Sub-Saharan Africa to be home to one third of global hungry by 2025

Cereal Low cereal prices will not automatically reduce hunger (Photo: CC0/Pixabay)

Agricultural commodity prices will remain relatively stable in the coming decade, the UN Food and Agriculture Organization (FAO) and OECD said on Monday. According to their “Agricultural Outlook 2016-2025”, increased productivity, weakening demand growth due to overall economic slowdown, lower oil prices and abundant stocks will keep prices low. However, the two organisations underline the need to be vigilant as the probability of a major price swing remains high. In sub-Saharan Africa – the focus of this year’s Outlook – agriculture will face many challenges, such as rapid urbanisation and increased commercial interest in Africa’s resources and farmland.

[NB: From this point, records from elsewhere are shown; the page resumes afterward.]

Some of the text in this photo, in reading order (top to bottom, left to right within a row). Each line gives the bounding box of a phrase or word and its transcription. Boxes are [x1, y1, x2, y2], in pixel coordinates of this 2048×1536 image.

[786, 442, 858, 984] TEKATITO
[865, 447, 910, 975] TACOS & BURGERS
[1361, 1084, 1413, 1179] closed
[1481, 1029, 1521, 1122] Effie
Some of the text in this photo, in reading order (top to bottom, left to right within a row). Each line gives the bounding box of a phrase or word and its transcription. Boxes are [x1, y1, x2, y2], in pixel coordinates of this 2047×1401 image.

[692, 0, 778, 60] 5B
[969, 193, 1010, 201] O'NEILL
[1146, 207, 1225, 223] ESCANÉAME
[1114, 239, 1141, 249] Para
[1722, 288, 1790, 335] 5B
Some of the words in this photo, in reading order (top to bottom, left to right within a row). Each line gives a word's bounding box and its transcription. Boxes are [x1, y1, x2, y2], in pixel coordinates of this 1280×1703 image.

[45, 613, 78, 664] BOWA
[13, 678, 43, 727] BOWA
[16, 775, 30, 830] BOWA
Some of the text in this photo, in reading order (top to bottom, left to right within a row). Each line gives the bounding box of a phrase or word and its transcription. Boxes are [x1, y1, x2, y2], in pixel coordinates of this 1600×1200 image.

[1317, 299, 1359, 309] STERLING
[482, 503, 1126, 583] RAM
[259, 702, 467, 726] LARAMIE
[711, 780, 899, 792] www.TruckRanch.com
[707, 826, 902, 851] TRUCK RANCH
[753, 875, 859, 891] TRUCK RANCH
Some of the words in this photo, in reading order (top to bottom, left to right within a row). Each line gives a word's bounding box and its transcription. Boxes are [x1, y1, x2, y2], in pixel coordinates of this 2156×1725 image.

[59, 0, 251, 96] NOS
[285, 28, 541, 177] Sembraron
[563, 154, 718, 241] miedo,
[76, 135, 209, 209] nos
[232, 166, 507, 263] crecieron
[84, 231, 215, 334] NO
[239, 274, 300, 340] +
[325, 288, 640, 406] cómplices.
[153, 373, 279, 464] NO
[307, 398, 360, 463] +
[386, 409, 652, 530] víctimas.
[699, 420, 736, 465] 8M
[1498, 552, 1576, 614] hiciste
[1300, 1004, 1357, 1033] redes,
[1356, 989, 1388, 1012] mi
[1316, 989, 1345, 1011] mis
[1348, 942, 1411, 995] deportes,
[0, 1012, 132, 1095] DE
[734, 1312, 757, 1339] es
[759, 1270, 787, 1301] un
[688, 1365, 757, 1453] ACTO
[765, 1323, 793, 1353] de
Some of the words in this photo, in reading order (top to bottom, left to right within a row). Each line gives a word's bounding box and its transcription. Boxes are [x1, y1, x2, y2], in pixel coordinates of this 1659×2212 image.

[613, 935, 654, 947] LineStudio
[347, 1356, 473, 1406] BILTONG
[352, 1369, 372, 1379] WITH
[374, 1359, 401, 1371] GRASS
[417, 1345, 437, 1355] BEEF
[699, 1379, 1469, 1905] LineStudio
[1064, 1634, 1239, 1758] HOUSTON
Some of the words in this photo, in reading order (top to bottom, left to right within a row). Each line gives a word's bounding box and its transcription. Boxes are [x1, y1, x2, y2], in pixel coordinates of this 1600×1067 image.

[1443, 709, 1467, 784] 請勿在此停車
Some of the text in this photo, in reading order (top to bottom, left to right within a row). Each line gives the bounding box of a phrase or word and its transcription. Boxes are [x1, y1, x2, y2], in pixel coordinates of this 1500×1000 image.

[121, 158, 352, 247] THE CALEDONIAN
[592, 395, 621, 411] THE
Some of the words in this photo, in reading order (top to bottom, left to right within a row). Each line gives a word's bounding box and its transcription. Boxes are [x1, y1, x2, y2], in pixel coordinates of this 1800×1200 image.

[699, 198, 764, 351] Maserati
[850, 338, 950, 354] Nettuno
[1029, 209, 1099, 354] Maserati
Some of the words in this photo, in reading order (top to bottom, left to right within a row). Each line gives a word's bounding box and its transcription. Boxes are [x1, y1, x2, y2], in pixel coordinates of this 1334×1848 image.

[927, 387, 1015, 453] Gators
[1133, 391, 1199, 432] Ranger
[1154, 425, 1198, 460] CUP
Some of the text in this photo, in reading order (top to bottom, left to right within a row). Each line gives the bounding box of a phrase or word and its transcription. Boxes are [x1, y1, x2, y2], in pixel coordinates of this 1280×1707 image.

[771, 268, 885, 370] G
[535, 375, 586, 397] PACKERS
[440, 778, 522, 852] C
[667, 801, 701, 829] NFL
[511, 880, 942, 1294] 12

As the region faces rapid population growth, agriculture will continue to be the single largest source of employment for many young people. The Outlook projects that Sub-Saharan Africa’s net imports of food commodities will grow over the next decade, because demand for food is expected to grow at more than 3% over the coming decade, while total agricultural production is projected to rise by only 2.6% a year, despite improved productivity. The authors warn that undernourishment in Sub-Saharan Africa will remain high. Although the rate of undernourishment is projected to decline from an estimated 23 to 19 percent, because of rapid population growth, the region would still be home to a rising share of the world’s hungry. In ten years, Sub-Saharan Africa will account for more than one third of the global total of undernourished people, compared with just over a quarter today. According to OECD/FAO estimates, the global proportion of people who are undernourished will decrease from 11% to 8% over the next ten years, with the total numbers of undernourished declining from 788 million to less than 650 million. “This implies that without decisive steps to move away from business-as-usual, hunger would not be eradicated by 2030 as a global target,” the report concludes. In 2015, world leaders adopted the Sustainable Development Goals (SDGs), a global agenda consisting of 17 goals designed to end poverty and hunger by 2030. Goal 2 aims at ending hunger, achieving food security and improved nutrition and promoting sustainable agriculture. (ab)

2016-07-06 |

Organic outperforms conventional agriculture in the tropics

Luethi Measuring the length of a maize cob (Photo: Peter Lüthi, Biovision)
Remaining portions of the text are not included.